Chancery Pavilion a Unit of v. Paralymic Committee of India IWAS 2009
2019-07-31
B.A.PATIL
body2019
DigiLaw.ai
JUDGMENT : B.A. PATIL, J. 1. The present appeal has been preferred by the complainant challenging the order of acquittal passed by the XXXIII Additional CMM, Bengalauru City (SCCH-5) in C.C. No. 35679/2010, dated 21.10.2017. 2. I have heard the learned counsel for the appellant. Learned counsel for the third respondent has remained absent. Though respondent Nos.1 and 2 are served, they have not put in their appearance. 3. The case of the complainant before the trial Court is that accused No.1 along with accused Nos.2 and 3 were administering accused No.1-Committee under the name and style "M/s.Paralympic Committee of India. Accused No.2 was the President and accused No.3 was the Treasurer and they were authorized signatories. The complainant is a renowned hotel under the name and style "The Chancery Pavilion" an Unit of M/s.Hyagreeva Hotels and Resorts Private Limited, Bengaluru. In relation to the transaction concerning the payment of hotel bills towards room rents, room services, etc. and other incidental services rendered by the complainant-Hotel to the accused and its guests, accused became due and liable to pay the complainant a sum of Rs.25 Lakhs and towards payment of the said amount, a cheque bearing No.543429, dated 2.12.2009 was issued and when the said cheque was presented through its banker, the same was dishonored for 'insufficient funds' and thereafter on 4.3.2010 a legal notice came to be issued by the complainant to the accused. Accused neither paid the amount nor given any reply and as such the complaint under Section 138 of Negotiable Instruments Act (Act' for short) was filed. 4. In order to prove its case, the complainant-Hotel got examined the General Power of Attorney, the authorized representative of the complainant-Hotel as PW.1 and got marked the documents as Exs.P1-P200. On behalf of the accused, accused Nos.2 and 3 were examined as DWs.1 and 2 and no documents were marked on their behalf. After hearing the learned counsel appearing for the parties, the trial Court has passed the impugned order acquitting the accused. As against the said order of acquittal, the complainant is before this Court. 5.

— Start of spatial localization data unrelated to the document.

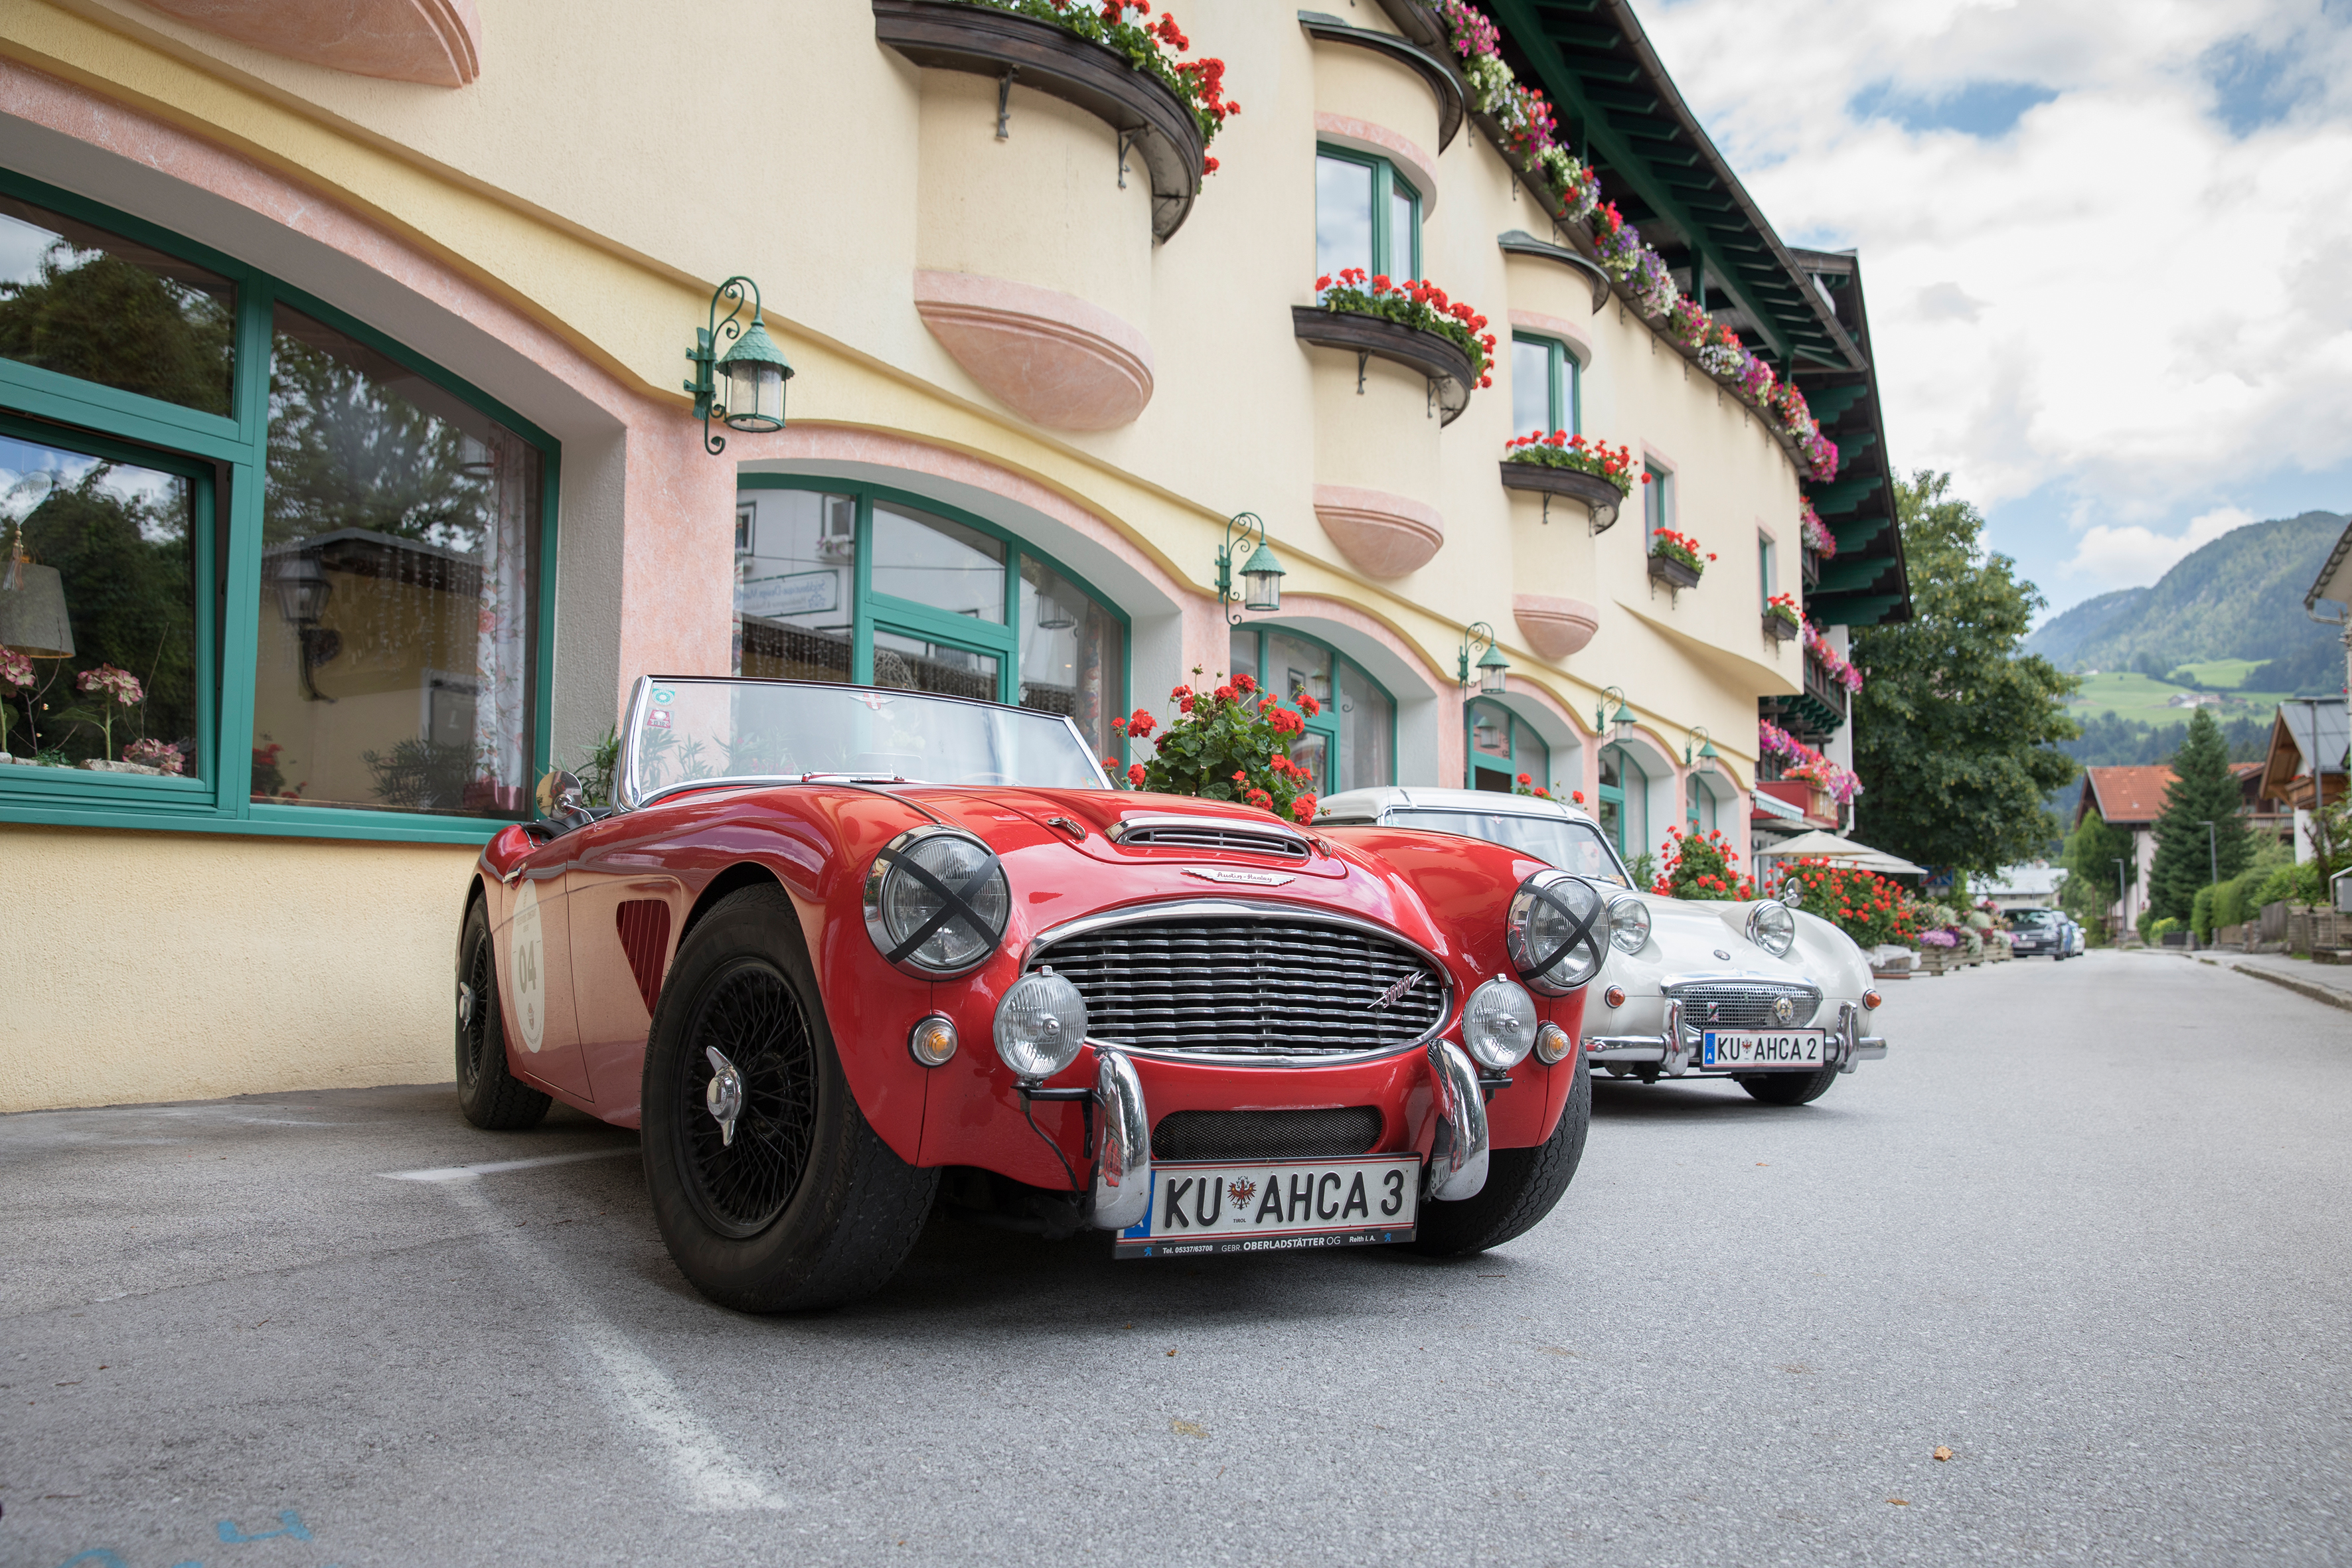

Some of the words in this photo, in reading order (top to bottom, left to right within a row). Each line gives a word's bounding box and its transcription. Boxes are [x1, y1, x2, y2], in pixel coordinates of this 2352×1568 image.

[1217, 872, 1273, 883] Austin-Healey
[519, 940, 536, 994] 04
[1383, 974, 1411, 1009] 3000
[1717, 1037, 1740, 1061] KU
[1754, 1037, 1802, 1061] AHCA
[1807, 1037, 1817, 1060] 2
[1164, 1175, 1223, 1229] KU
[1255, 1170, 1369, 1223] AHCA
[1381, 1168, 1405, 1216] 3
[1243, 1237, 1325, 1251] OBERLADSTÄTTER
[1326, 1236, 1341, 1245] OG

On behalf of the accused, accused Nos.2 and 3 were examined as DWs.1 and 2 and no documents were marked on their behalf. After hearing the learned counsel appearing for the parties, the trial Court has passed the impugned order acquitting the accused. As against the said order of acquittal, the complainant is before this Court. 5. It is the submission of the learned counsel for the appellant-complainant that the trial Court without application of its judicial mind only by relying upon the decision of the Hon'ble Apex Court in the case of A.C. Narayanan vs. State of Maharashtra and Another, 2015 AIR SCW 1125 has come to a wrong conclusion holding that the authorized representative is not having any personal knowledge about the transaction in question and therefore he cannot be examined as a witness and his evidence cannot be relied upon to substantiate the case of the complainant. It is his further submission that burden is on PW.1 to prove that he is aware of the transaction which has been taken place between the complainant and the accused. Relying upon the said facts and circumstances, the trial Court ought to have convicted the accused. He further submitted that while acquitting the accused, the other evidence, documents produced and presumption in law have not been appreciated by the trial Court. As per Section 139 of the Act, if accused admits his signature on the cheque, the initial presumption has to be drawn that the said cheque has been issued for discharge of debt or liability. Thereafter, the burden shifts upon the accused to rebut the said presumption on preponderance of probabilities. Without considering the said aspect, the impugned order came to be passed. On these grounds, he prayed to allow the appeal by setting aside the impugned order. 6. On perusal of the records and the impugned order, it is clear that the complainant has got examined the authorized representative as PW.1. But when accused No.2 was got examined as DW.1, he has admitted the signature on the cheque at Ex.P1. However, he has not specifically stated as to where and for which purpose the said cheque has been issued and how the said cheque has reached the complainant. The Hon'ble Apex Court in the case of Rangappa vs. Sri.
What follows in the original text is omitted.